*What you have to do*. Your output should repeat the entries below exactly. It should contain no images.

*Task input*.
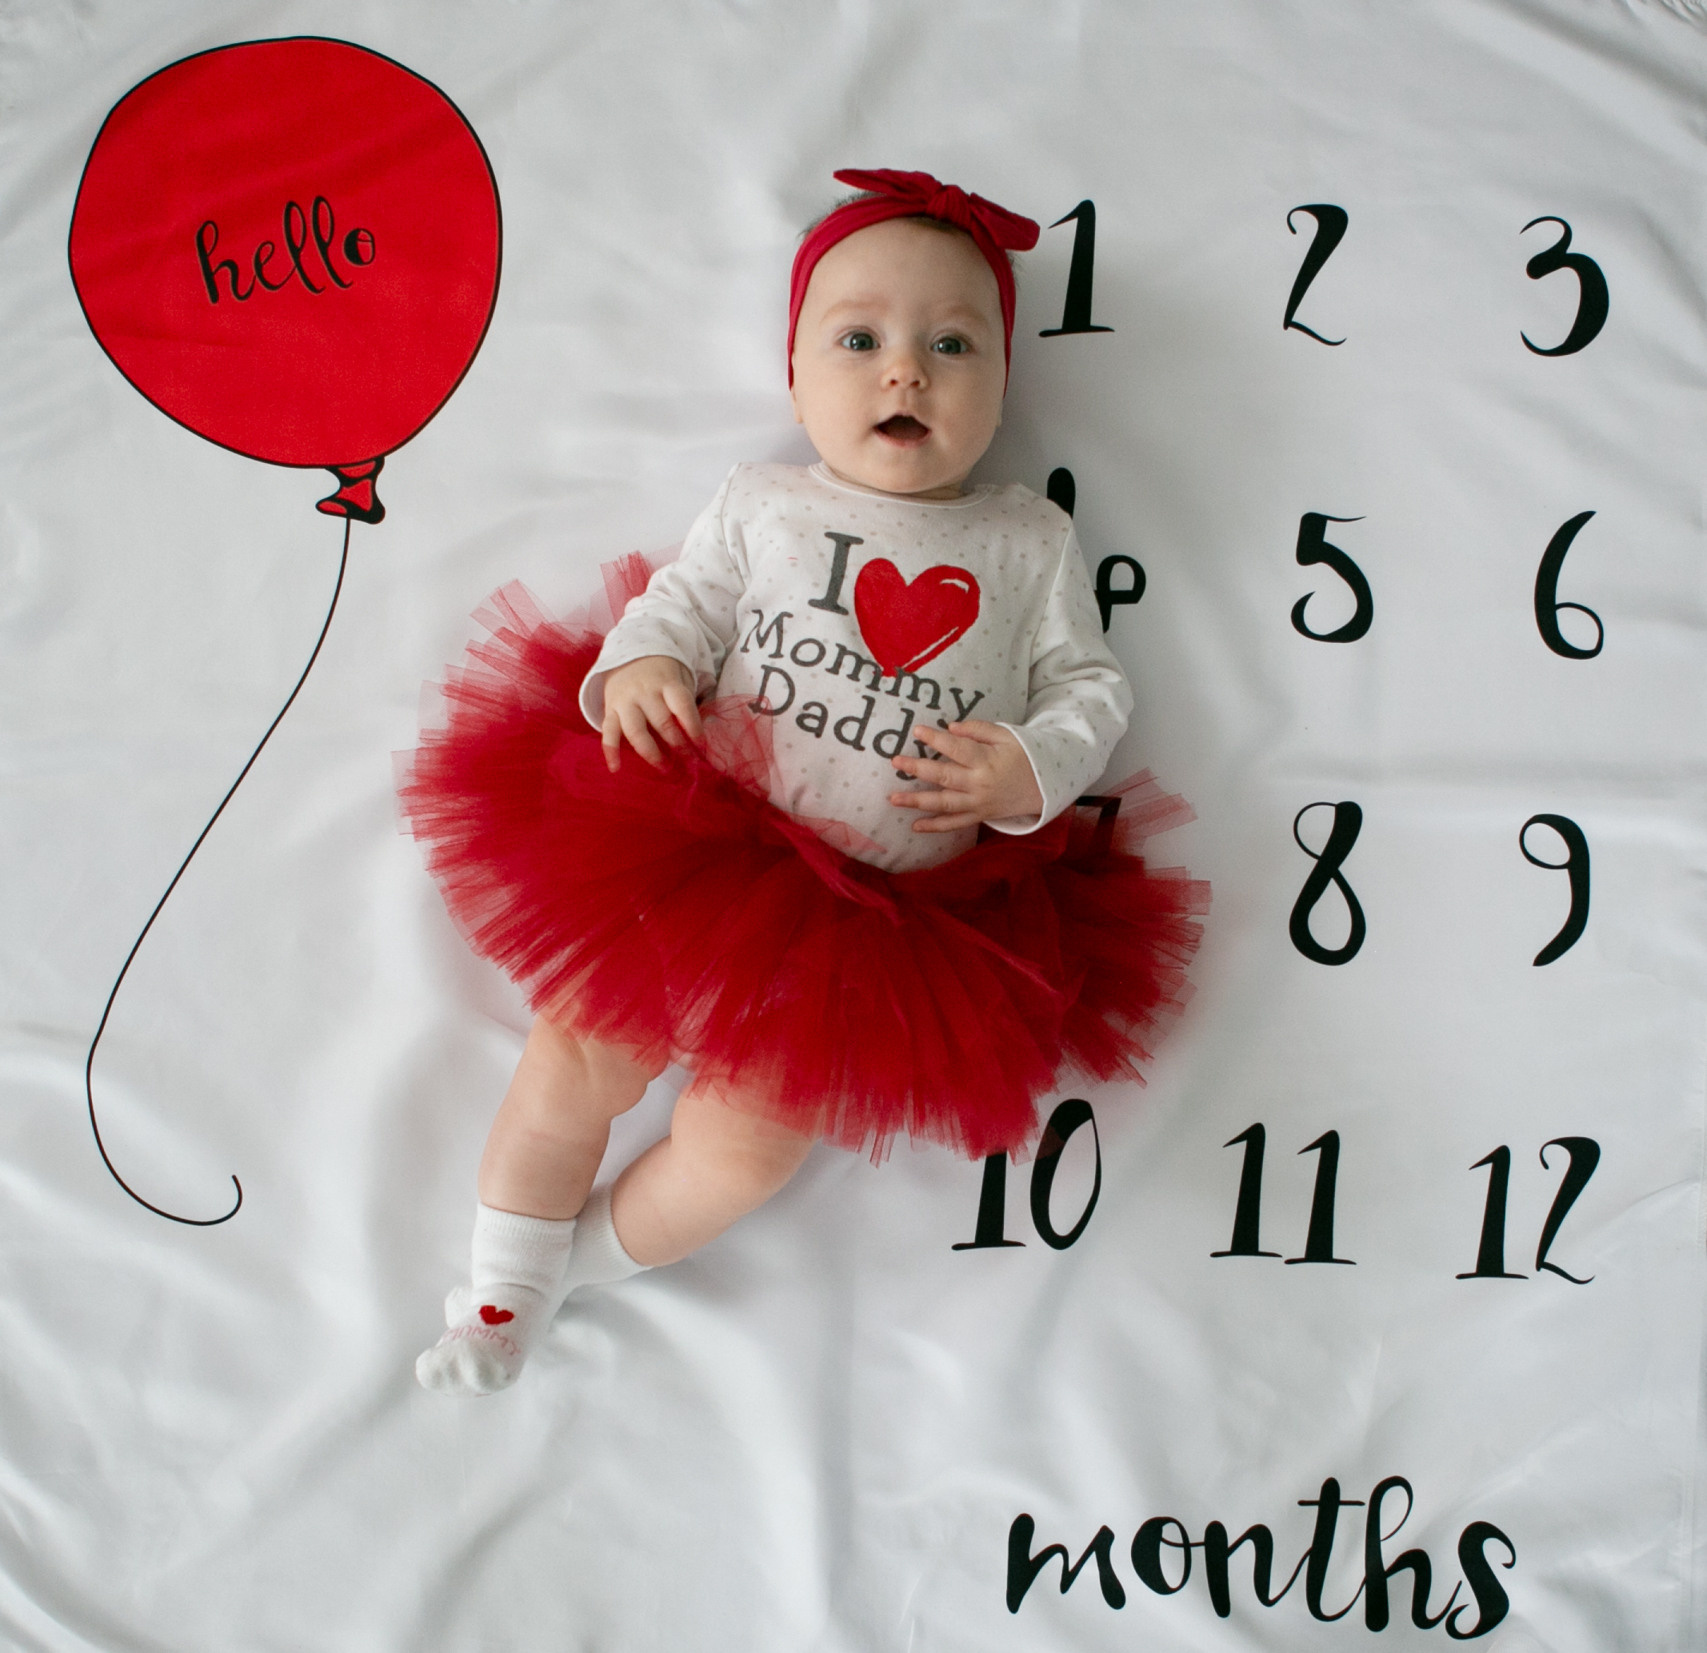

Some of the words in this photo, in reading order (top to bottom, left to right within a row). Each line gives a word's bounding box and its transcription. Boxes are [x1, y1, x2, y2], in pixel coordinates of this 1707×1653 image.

[195, 195, 375, 304] hello
[1038, 199, 1115, 338] 1
[1283, 204, 1348, 346] 2
[1520, 216, 1609, 356] 3
[808, 531, 864, 615] I
[1291, 512, 1373, 643] 5
[1535, 511, 1603, 659] 6
[740, 609, 985, 729] Mommy
[1289, 801, 1366, 966] 8
[1520, 814, 1590, 966] 9
[952, 1099, 1102, 1251] 10
[1210, 1122, 1356, 1265] 11
[1456, 1136, 1601, 1285] 12
[1006, 1475, 1517, 1641] months
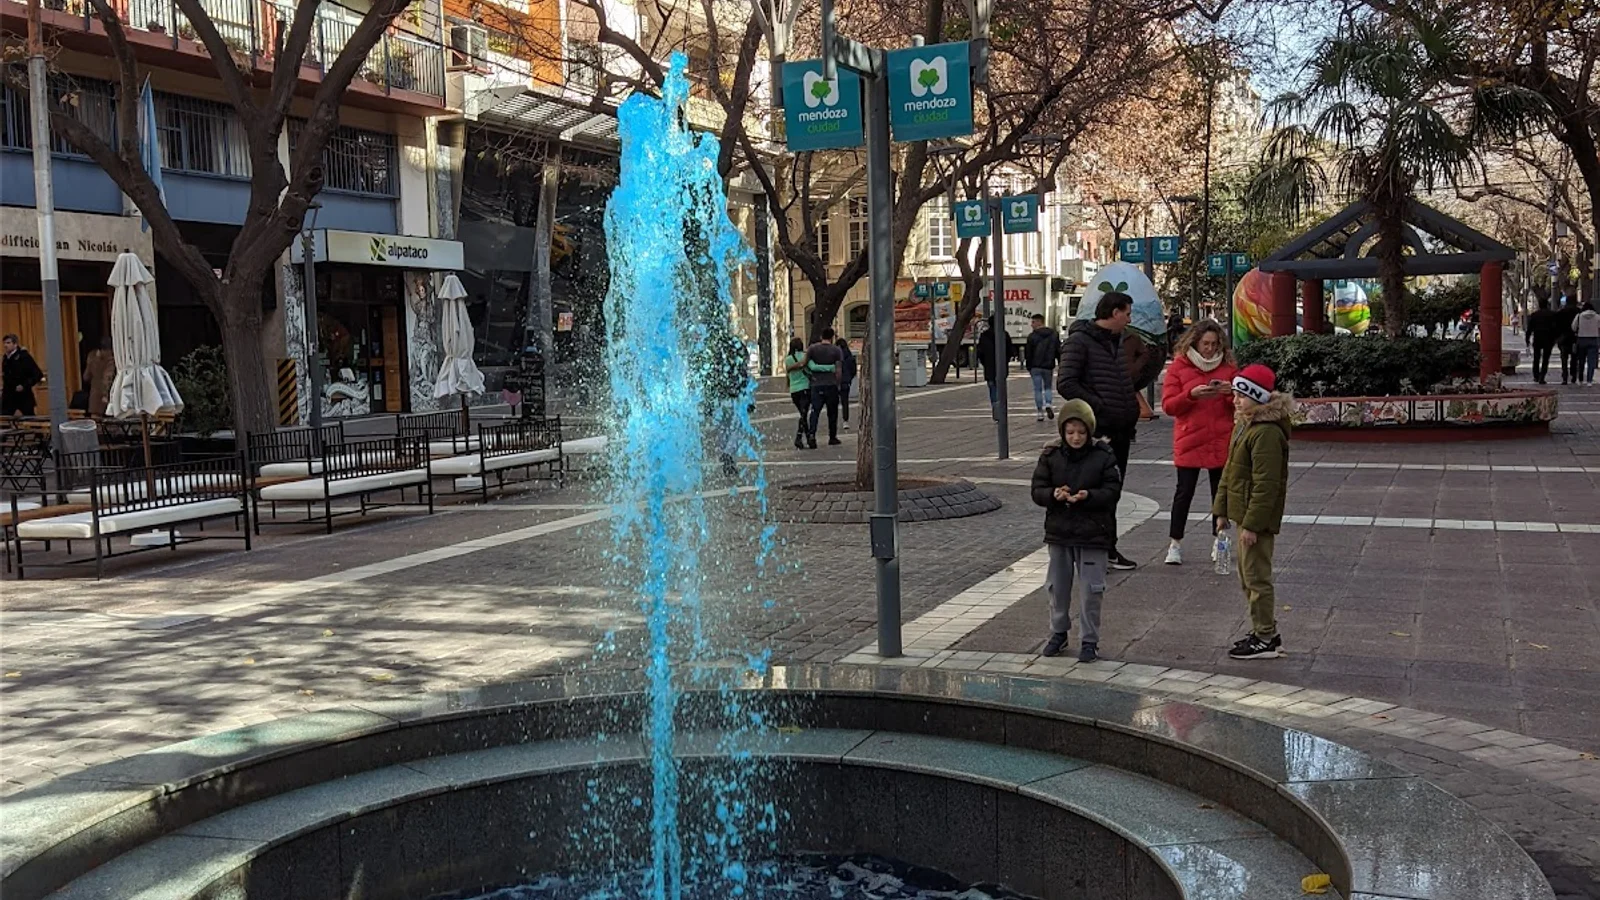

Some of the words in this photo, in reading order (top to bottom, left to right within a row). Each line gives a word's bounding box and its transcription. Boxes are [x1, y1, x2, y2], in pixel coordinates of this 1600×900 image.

[904, 97, 957, 112] mendoza
[798, 107, 848, 123] mendoza
[913, 110, 949, 124] ciudad
[806, 120, 841, 134] ciudad
[1, 234, 40, 249] dificio
[55, 239, 70, 251] an
[78, 239, 118, 253] Nicolás
[388, 241, 428, 260] alpataco
[988, 288, 1035, 302] FIAR
[1236, 381, 1263, 400] ON
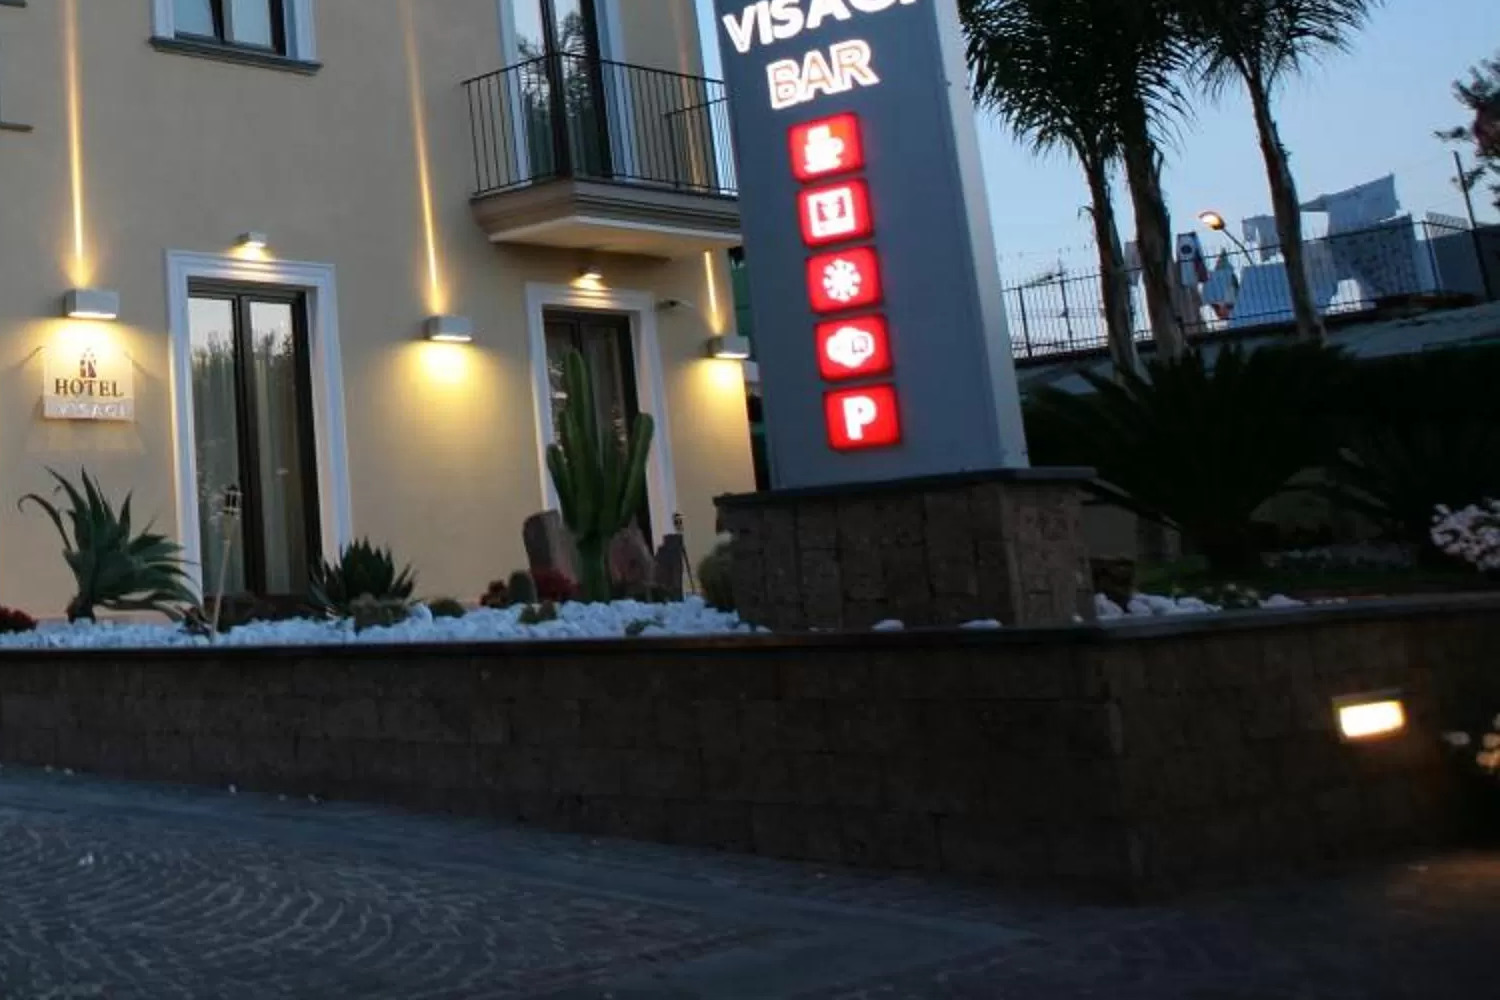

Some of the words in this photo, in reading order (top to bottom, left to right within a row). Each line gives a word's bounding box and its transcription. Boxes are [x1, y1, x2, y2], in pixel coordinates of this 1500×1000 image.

[766, 39, 880, 110] BAR
[53, 377, 125, 397] HOTEL
[843, 395, 878, 440] P
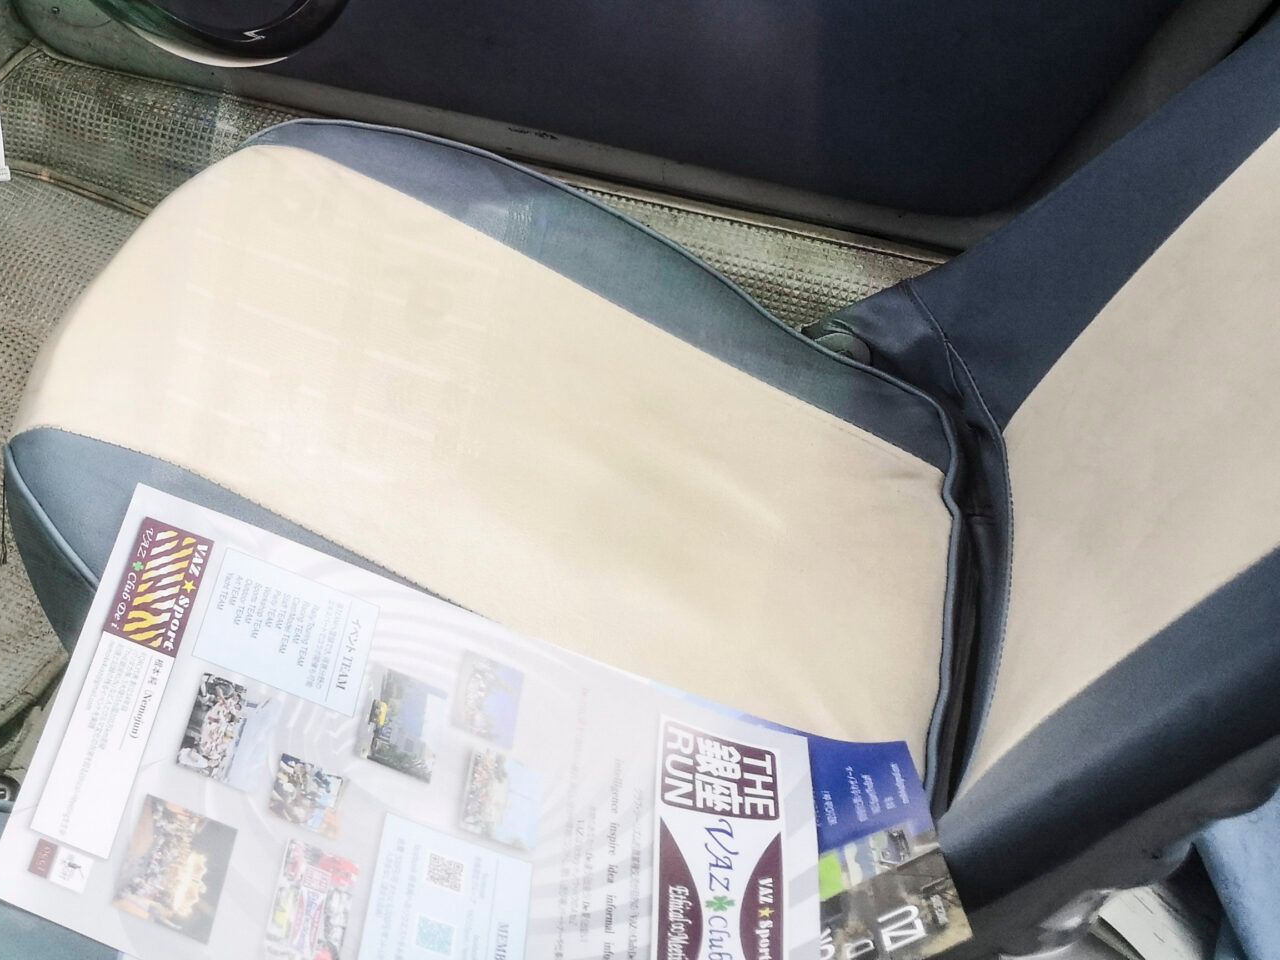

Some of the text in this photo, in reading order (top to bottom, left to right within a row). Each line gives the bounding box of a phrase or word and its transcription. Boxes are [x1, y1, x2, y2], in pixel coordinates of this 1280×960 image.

*Problem solution*.
Some of the words in this photo, in reading order (top to bottom, left to right within a row). Each line gives a word's bounding box and its transcription. Boxes are [x1, y1, x2, y2], in pixel coordinates of this 1707×1653 image.

[195, 195, 375, 304] hello
[1038, 199, 1115, 338] 1
[1283, 204, 1348, 346] 2
[1520, 216, 1609, 356] 3
[808, 531, 864, 615] I
[1291, 512, 1373, 643] 5
[1535, 511, 1603, 659] 6
[740, 609, 985, 729] Mommy
[1289, 801, 1366, 966] 8
[1520, 814, 1590, 966] 9
[952, 1099, 1102, 1251] 10
[1210, 1122, 1356, 1265] 11
[1456, 1136, 1601, 1285] 12
[1006, 1475, 1517, 1641] months

Some of the words in this photo, in reading order (top to bottom, left to right within a row). Each line gives a word's bounding box and its transcription. Boxes are [x1, y1, x2, y2], in pixel coordinates of this 1600×900 image.

[904, 97, 957, 112] mendoza
[798, 107, 848, 123] mendoza
[913, 110, 949, 124] ciudad
[806, 120, 841, 134] ciudad
[1, 234, 40, 249] dificio
[55, 239, 70, 251] an
[78, 239, 118, 253] Nicolás
[388, 241, 428, 260] alpataco
[988, 288, 1035, 302] FIAR
[1236, 381, 1263, 400] ON

Some of the words in this photo, in reading order (top to bottom, left to right within a row). Each line gives a word's bounding box and its transcription. Boxes are [x1, y1, x2, y2], in pixel coordinates of this 1500×1000 image.

[766, 39, 880, 110] BAR
[53, 377, 125, 397] HOTEL
[843, 395, 878, 440] P

Some of the text in this photo, in reading order (top to bottom, left to right within a row). Each line gives the bounding box of a phrase or word and its transcription. Boxes are [x1, y1, x2, y2], in pixel coordinates of this 1280×960 image.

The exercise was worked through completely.